Theater News

Boston Metro Spotlight: December 2007

Jewish Holidays

Judy Gold in
25 Questions for a Jewish Mother
(© Carol Rosegg)
Judy Gold in
25 Questions for a Jewish Mother
(© Carol Rosegg)

Boston is tossing in a few savory side dishes to offset the sugarplums that prevail this time of year. Christmas contrarians include the Huntington, which opted to host Judy Gold’s off-Broadway hit 25 Questions for a Jewish Mother at the Calderwood Pavilion (December 18-31).

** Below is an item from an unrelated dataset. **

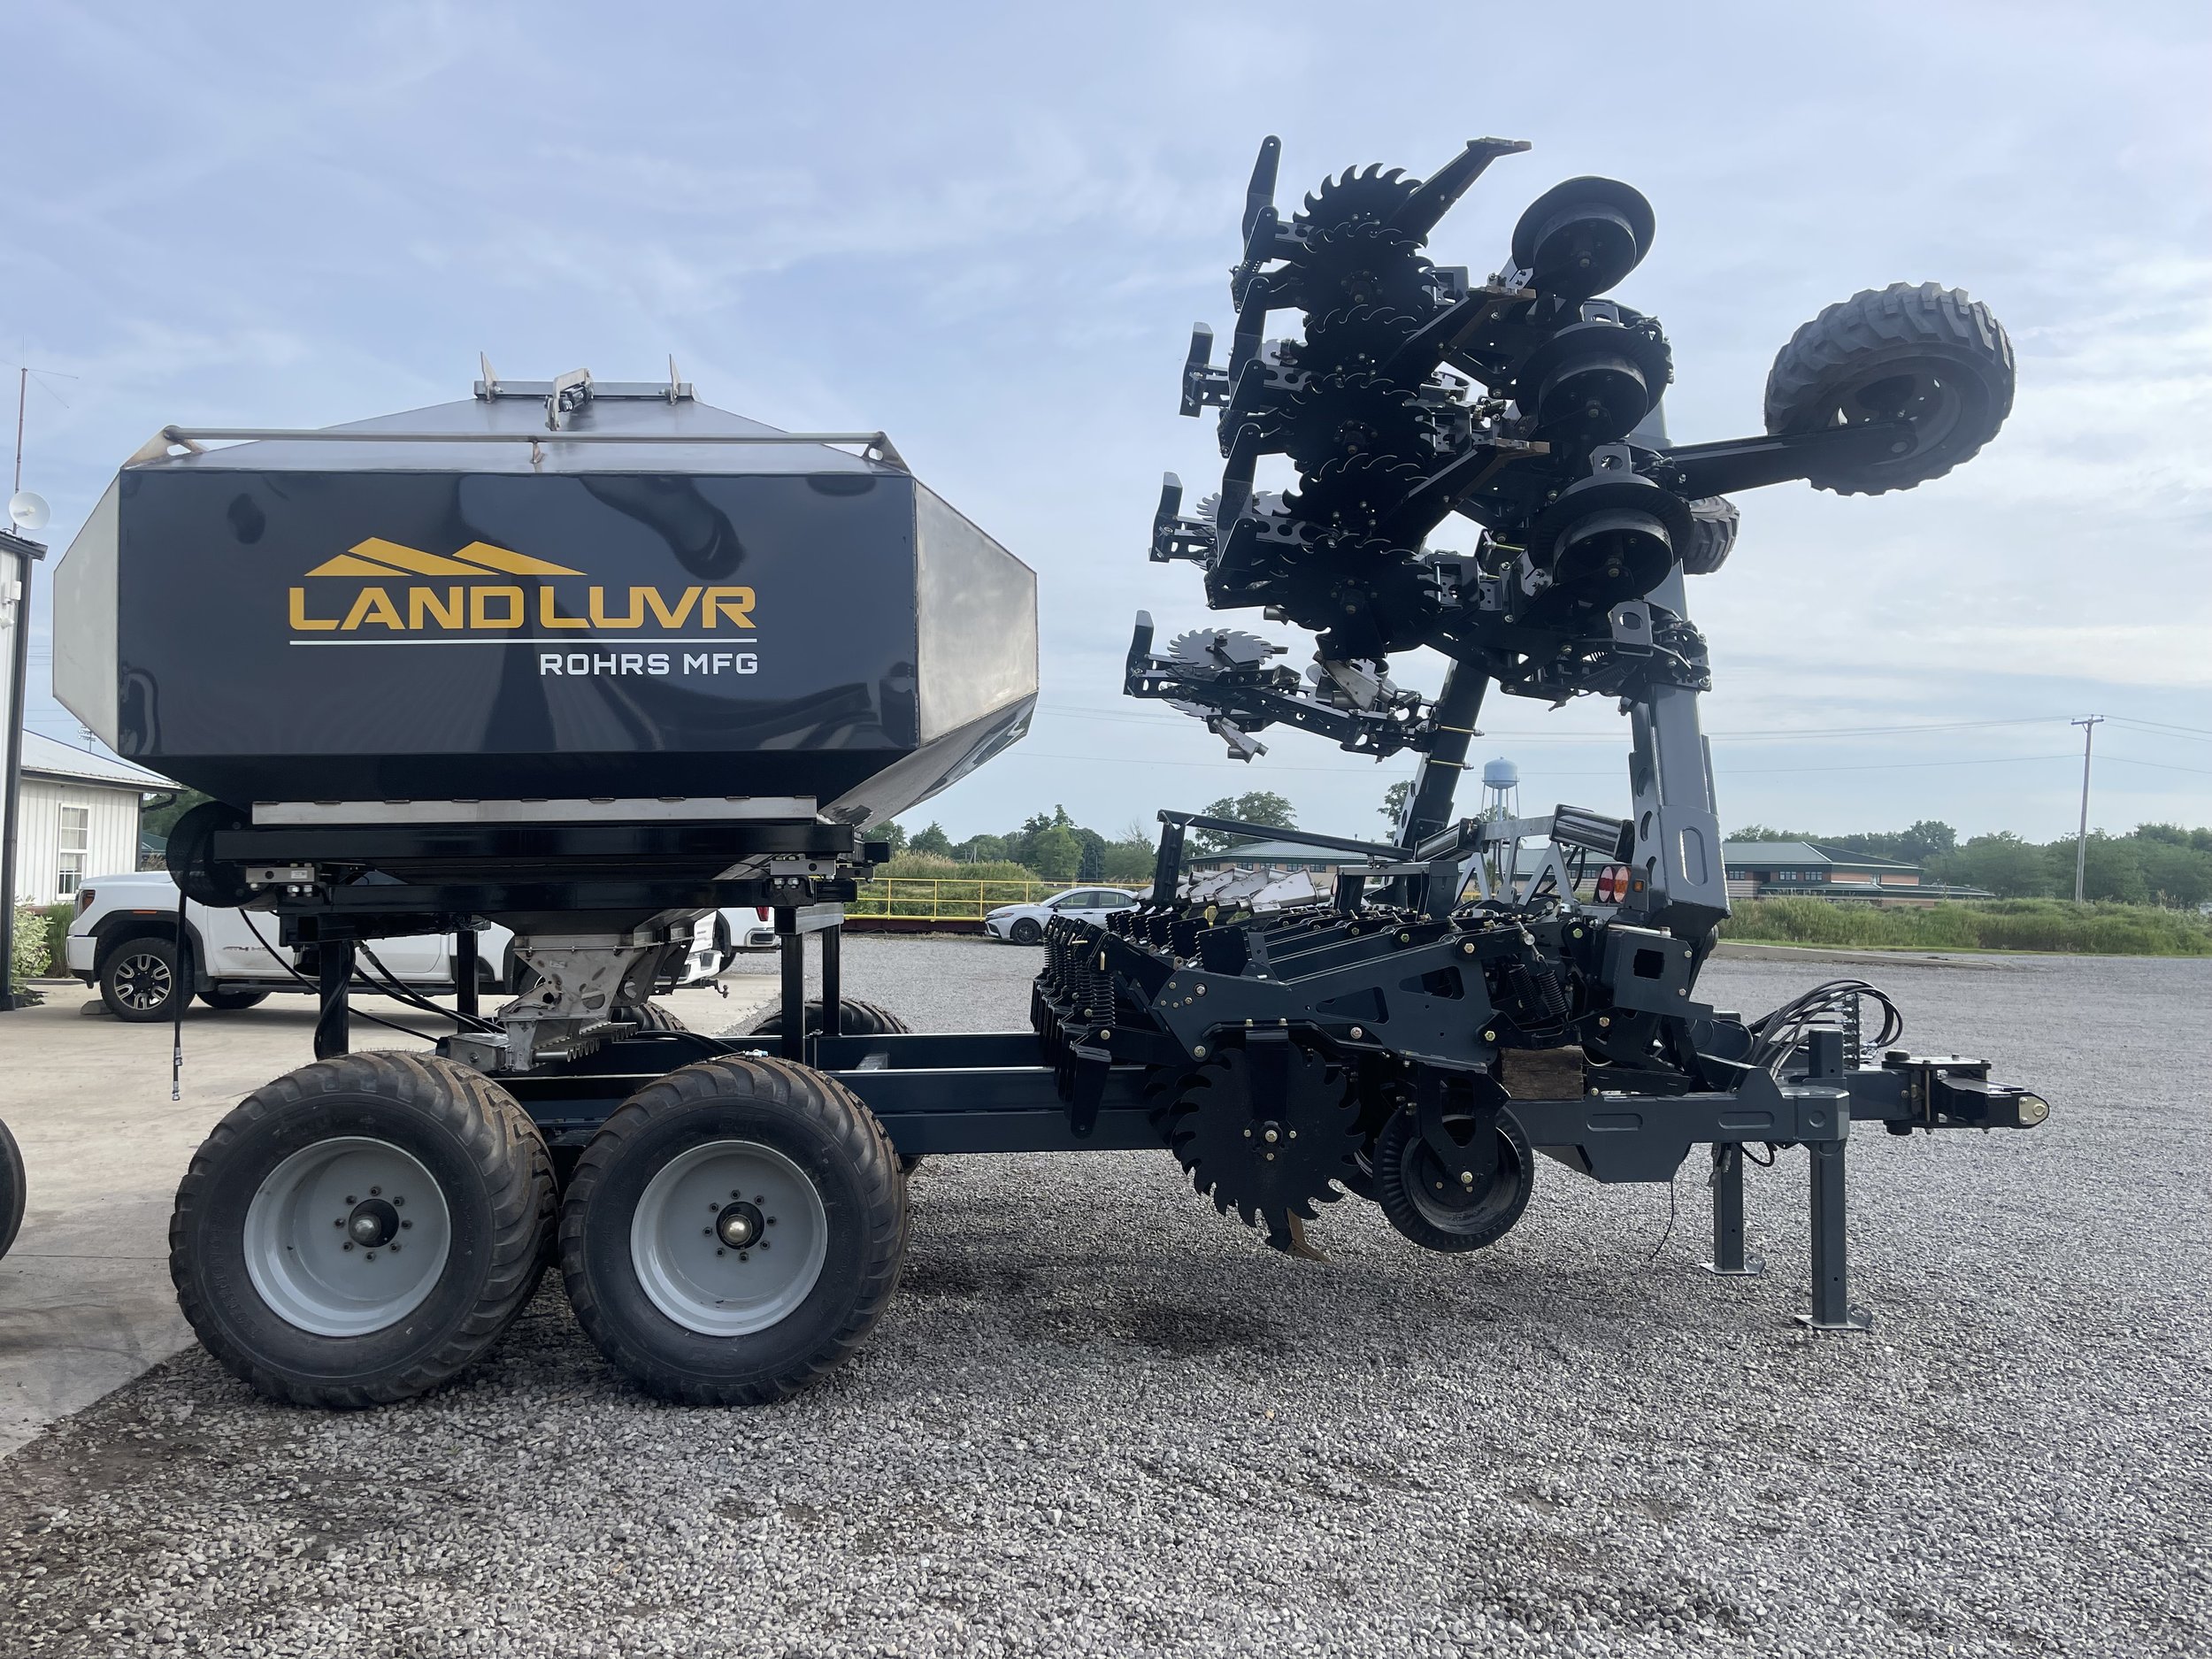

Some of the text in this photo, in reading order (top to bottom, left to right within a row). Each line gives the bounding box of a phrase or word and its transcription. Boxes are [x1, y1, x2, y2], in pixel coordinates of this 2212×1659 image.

Succumbing to popular demand, the ever-outrageous Ryan Landry and his Gold Dust Orphans plan to reprise last year’s smash Silent Night of the Lambs (December 6-29), in which a certain roly-poly denizen of the Arctic exhibits odd appetites.

Other alternative fare includes The Yamato Drummers of Japan shaking up the Cutler Majestic Theatre (December 1-2); Suffolk University’s Office of Diversity Services observing World AIDS Day with Elegies for Angels, Punks and Raging Queens, Bill Russell’s rarely performed portrait gallery with a blues/jazz/rock score by Janet Hood (December 3); and the Catalyst Collaborative at MIT– a collaboration between the Massachusetts Institute of Technology and Underground Railway Theater — staging a reading of David Mamet’s 1985 play The Water Engine: An American Fable (December 3-4).

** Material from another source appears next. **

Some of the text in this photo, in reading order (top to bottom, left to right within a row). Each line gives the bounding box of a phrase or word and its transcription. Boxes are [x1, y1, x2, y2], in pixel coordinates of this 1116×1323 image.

Out in the suburbs, Christmas celebrations take many forms. Watertown’s New Rep is repeating two winners from last year: a lavish production of Charles Dickens’ A Christmas Carol (December 9-23), with Actors Shakespeare Project founder Ben Evett playing Bob Cratchit and his son, Spencer, chiming in as Tim (December 9-23), and, in the Downstage space, David Sedaris’ piquant Santaland Diaries, starring Guy Olivieri, who appeared in the national tour of Rent and impressed in the Jonathan Larson role in New Rep’s recent revival of tick, tick…BOOM!

Waltham’s Reagle Players will mount the 25th silver anniversary version of It’s Christmas Time (December 7-16), with Broadway’s Sarah Pfisterer soloing amid a cast of hundreds (playing, variously, wooden soldiers, Raggedy Anns and Andys, dancing bears, bell ringers, and precision dancers). Worcester’s Foothills Theatre is featuring A Christmas Story (December 1-23), adapted from the film based on writings by Jean Shepherd.

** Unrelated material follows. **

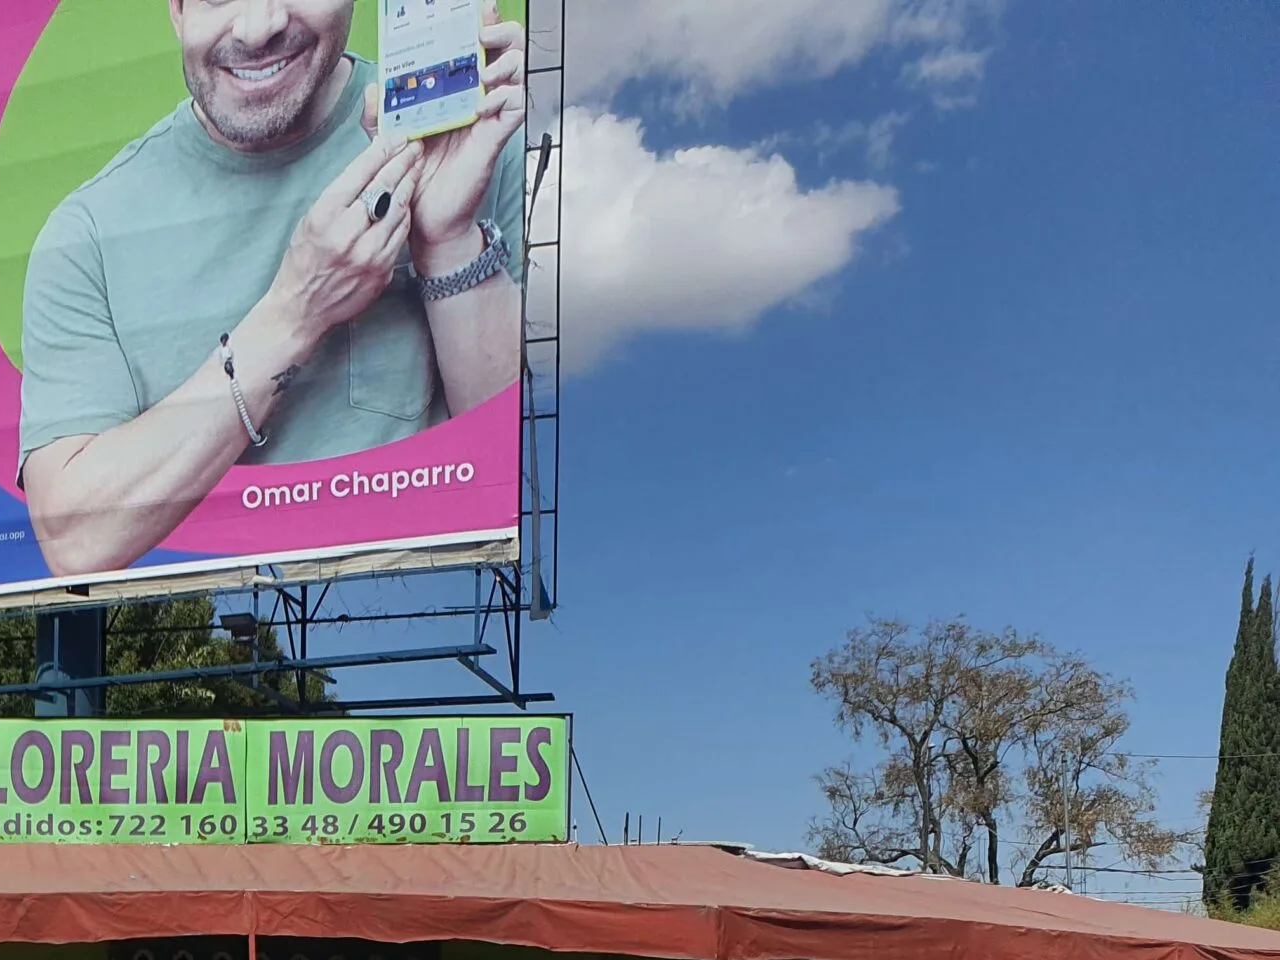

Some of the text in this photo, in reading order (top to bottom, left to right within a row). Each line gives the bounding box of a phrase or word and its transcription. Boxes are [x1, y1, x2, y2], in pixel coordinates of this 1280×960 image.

In the Berkshires, Shakespeare & Company offers two readings: An Impossible Life, drawn from producer David Black’s autobiographical novel, starring Peter Riegert (December 1); and another page-to-stage adaptation, Sonia Pilcer’s The Holocaust Kid, with Jonathan Epstein and Elizabeth Aspenlieder (December 9). Barrington Stage Company welcomes back Gail Nelson in the Billie Holiday bio-musical Lady Day at Emerson’s Bar & Grill (December 5-9), and Berkshire Theatre Festival will remount Eric Hill’s take on Dickens’ A Christmas Carol (December 13-30), with the director as the irascible Scrooge.